This content originally appeared on DEV Community and was authored by SIDDHARTH PATIL
Pothole Detection Model - Complete Training & Implementation Guide
Table of Contents
- Dataset Acquisition
- Dataset Preparation with Roboflow
- Model Training Process
- Understanding the .pt Weight File
- YOLOv8 Implementation Code
- Complete Workflow
1. Dataset Acquisition
1.1 Source: Kaggle
Platform: Kaggle (kaggle.com)
Dataset Selection Process:
- Searched for "pothole detection dataset" on Kaggle
- Selected dataset with diverse pothole images
- Typical dataset characteristics:
- 500-2000+ images of roads with potholes
- Various lighting conditions
- Different road types and pothole sizes
- Mix of annotated and unannotated images
Download Process:
# Method 1: Manual Download
1. Navigate to Kaggle dataset page
2. Click "Download" button
3. Extract ZIP file to local directory
# Method 2: Kaggle API
kaggle datasets download -d <dataset-name>
unzip <dataset-name>.zip
1.2 Dataset Structure
pothole_dataset/
│
├── images/
│ ├── image001.jpg
│ ├── image002.jpg
│ └── ...
│
└── annotations/
├── image001.txt
├── image002.txt
└── ...
2. Dataset Preparation with Roboflow
2.1 Why Roboflow?
Roboflow is a computer vision platform that simplifies:
- Dataset organization and management
- Image annotation and labeling
- Data augmentation
- Format conversion (to YOLO format)
- Train/Validation/Test splitting
- Model training integration
2.2 Roboflow Workflow
Step 1: Create Project
- Sign up at roboflow.com
- Create new project: "Pothole Detection"

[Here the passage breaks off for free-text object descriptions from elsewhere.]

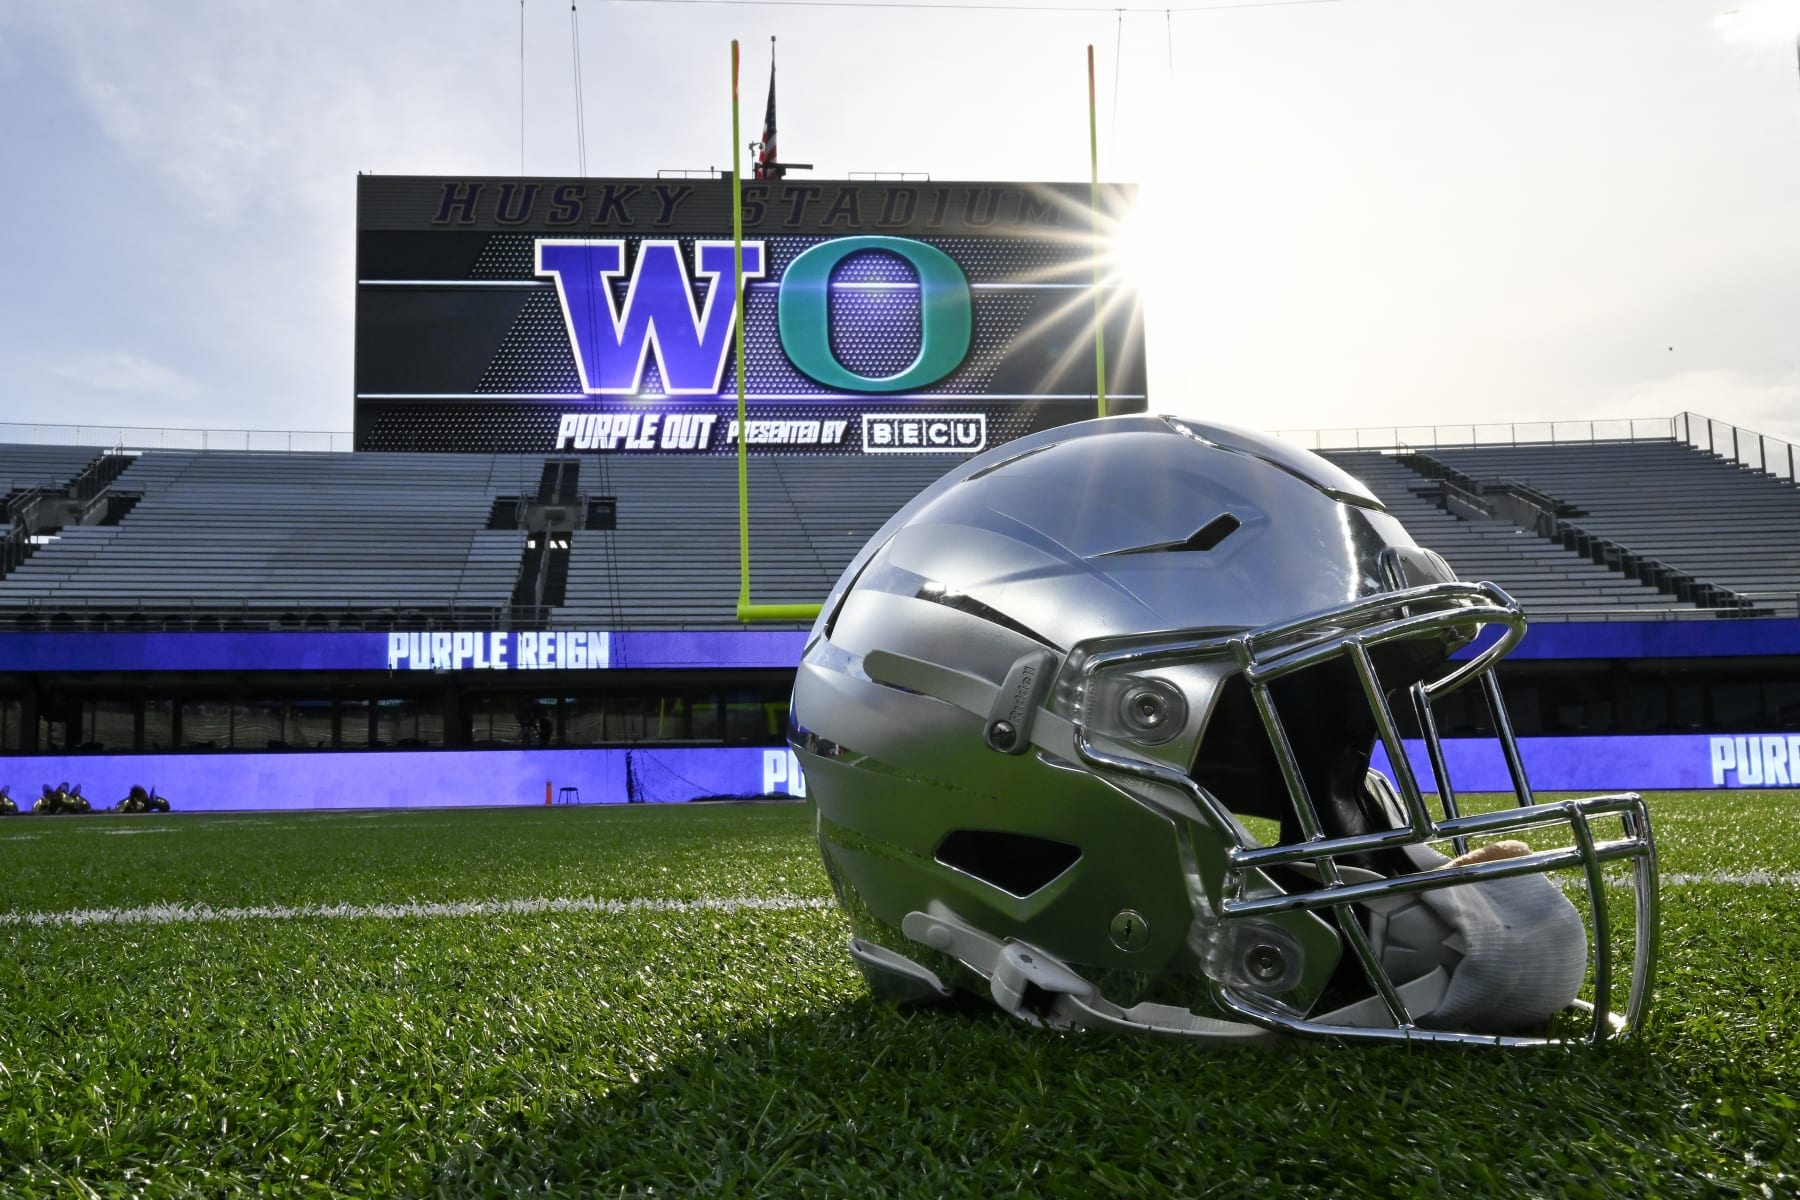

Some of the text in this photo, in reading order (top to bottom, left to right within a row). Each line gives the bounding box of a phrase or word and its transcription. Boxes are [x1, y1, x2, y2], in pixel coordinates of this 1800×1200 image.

[431, 183, 1063, 228] HUSKY STADIUM
[534, 239, 766, 395] W
[778, 235, 972, 391] O
[556, 413, 848, 449] PURPLE OUT PRESENTED BY
[873, 423, 977, 444] BECU
[388, 632, 609, 670] PURPLE REIGN

- Select project type: Object Detection
- Choose annotation group: Single Class (Pothole)
Step 2: Upload Dataset
1. Click "Upload" → Select images from Kaggle dataset
2. Roboflow automatically processes images
3. Wait for upload completion (shows progress bar)
Step 3: Annotation
-
If images are pre-annotated (COCO/PASCAL VOC format):
- Roboflow auto-imports annotations
- Review and verify bounding boxes
-
If manual annotation needed:
- Use Roboflow's annotation tool
- Draw bounding boxes around each pothole
- Label as "pothole"
- Save annotations
Step 4: Dataset Augmentation
Applied augmentation techniques:
Preprocessing:
- Auto-Orient: Correct image orientation
- Resize: 640x640 pixels (YOLO standard)
Augmentation:
- Rotation: ±15 degrees
- Brightness: ±25%
- Exposure: ±25%
- Blur: Up to 2px
- Flip: Horizontal
These create multiple variations of each image, expanding dataset size 3-5x.
Step 5: Generate Dataset Version
1. Split data:
- Train: 70%
- Validation: 20%
- Test: 10%
2. Export format: YOLOv8
3. Generate → Roboflow creates downloadable dataset
Step 6: Download Training Code
Roboflow provides ready-to-use code snippet:
from roboflow import Roboflow
rf = Roboflow(api_key="YOUR_API_KEY")
project = rf.workspace("workspace-name").project("pothole-detection")
dataset = project.version(1).download("yolov8")
3. Model Training Process
3.1 Training Script: potholewrightfile.py
Purpose: This Python script trains the YOLOv8 model on your custom pothole dataset.
Complete Training Code:
"""
potholewrightfile.py
Custom YOLOv8 Pothole Detection Model Training Script
"""
from ultralytics import YOLO
from roboflow import Roboflow
import os
# ====================
# 1. DATASET DOWNLOAD
# ====================
print("📥 Downloading dataset from Roboflow...")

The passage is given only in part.